All Seal programs generally have the following invocation pattern:
seal <program> [options] <input> <output>
Most programs can accept more than one input path (Seqal being the only exception). Also, while some Seal tools have their own specific options, there are a number of Seal options that all programs accept.
Careful how you specify your input and output paths. If you don’t specify a full URI, your path will be interpreted using the Hadoop cluster’s default file system. See the section below on specifying paths to see some examples.
Meaning | Short Opt | Long Opt |
---|---|---|
Number of reduce tasks to use. | -r <INT> | –num-reducers <INT> |
Override default Seal config file ($HOME/.sealrc) | -sc <FILE> | –seal-config <FILE> |
Set the value of a property | -D <prop=value> |
In addition, you can use most Hadoop options directly with the Seal tools. This is handy to override the cluster’s default settings.
seal prq -D seal.prq.min-bases-per-read=54 input output
seal seqal -D seal.seqal.remove_unmapped=true --trimq 15 input_1 input_2 output
seal read_sort --num-reducers 96 -D mapred.compress.map.output=true -ann ref.ann input output
If you find you’re setting the same property all the time, you should consider creating a Seal configuration file and saving your settings in it. The Seal tools will automatically load the file on start up. See the section Seal Config File for details.

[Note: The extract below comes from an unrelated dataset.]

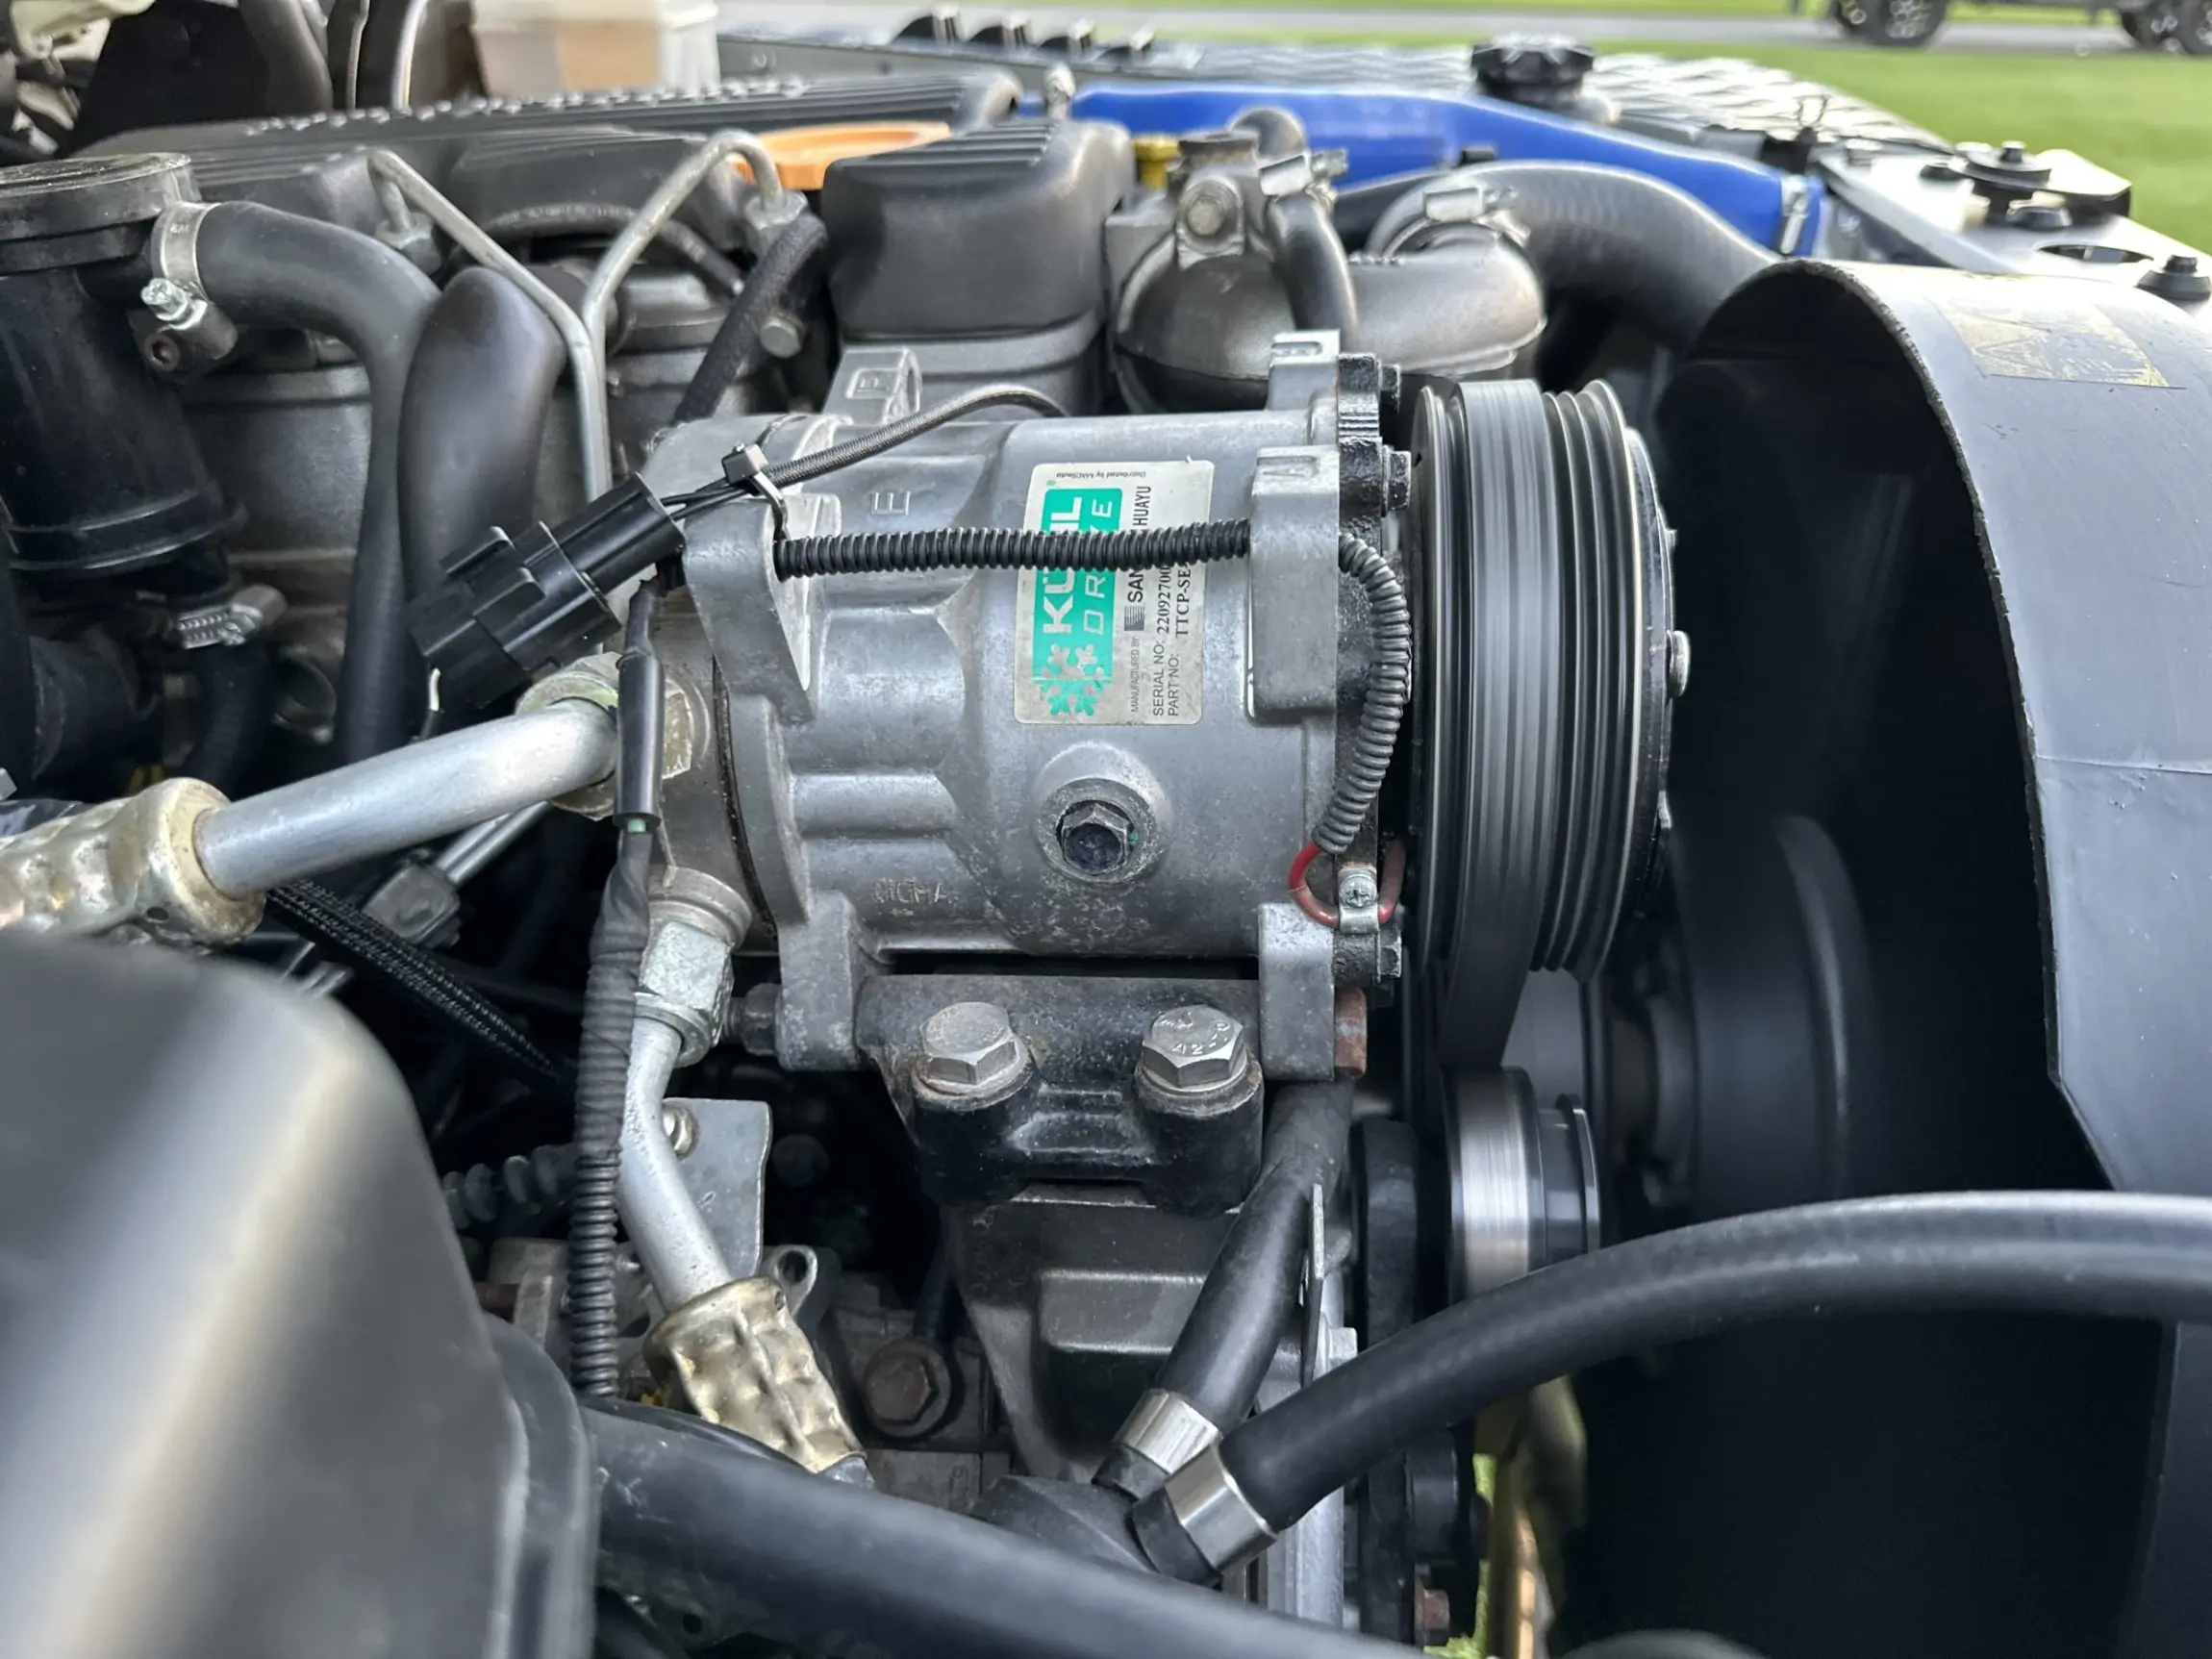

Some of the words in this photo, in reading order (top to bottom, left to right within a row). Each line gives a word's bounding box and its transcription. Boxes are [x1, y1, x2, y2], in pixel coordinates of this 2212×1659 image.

Ensure the Hadoop environment variables are set (see Installation - Deploying) so that the Seal tools can find the Hadoop cluster configuration and executables.
Here are some examples showing how to specify input and output paths.
Default file system: | hdfs://hadoop.mycluster.int:9000/ |
Specified input path: | /user/me/input_data |
Fully resolved path: | hdfs://hadoop.mycluster.int:9000/user/me/input_data |
The example above specified an absolute path but doesn’t specify a file system. Therefore Seal resolves the path as being on the default Hadoop volume, hdfs://hadoop.mycluster.int:9000/.
Default file system: | hdfs://hadoop.mycluster.int:9000/ |
Specified input path: | input_data |
Fully resolved path: | hdfs://hadoop.mycluster.int:9000/user/me/input_data |
This example uses a relative path, input_data. It is interpreted as being on the default file system (hdfs://hadoop.mycluster.int:9000/) and in the user’s home directory for that file system. In HDFS, the user’s home directory is always /user/${USER} (the ${USER} variable expands to the current user’s Unix username).
Default file system: | hdfs://hadoop.mycluster.int:9000/ |
Specified input path: | file:///home/me/input_data |
Fully resolved path: | /home/me/input_data |
In this case we see an input path specified as a full URI; in this way we can access data that is not on Hadoop cluster’s default file system. In fact, noticed how the default file system is hdfs://hadoop.mycluster.int:9000/, but we’re accessing data that resides on a standard file system path. Note that for this to work the specified path must exist on all the Hadoop cluster’s nodes.
Default file system: | file:// |
Specified input path: | /home/me/input_data |
Fully resolved path: | /home/me/input_data |
In this example Hadoop has been configured with the default file system being the standard local file system. The input path specified, which is not a full URI, is therefore interpreted as being on the local file system.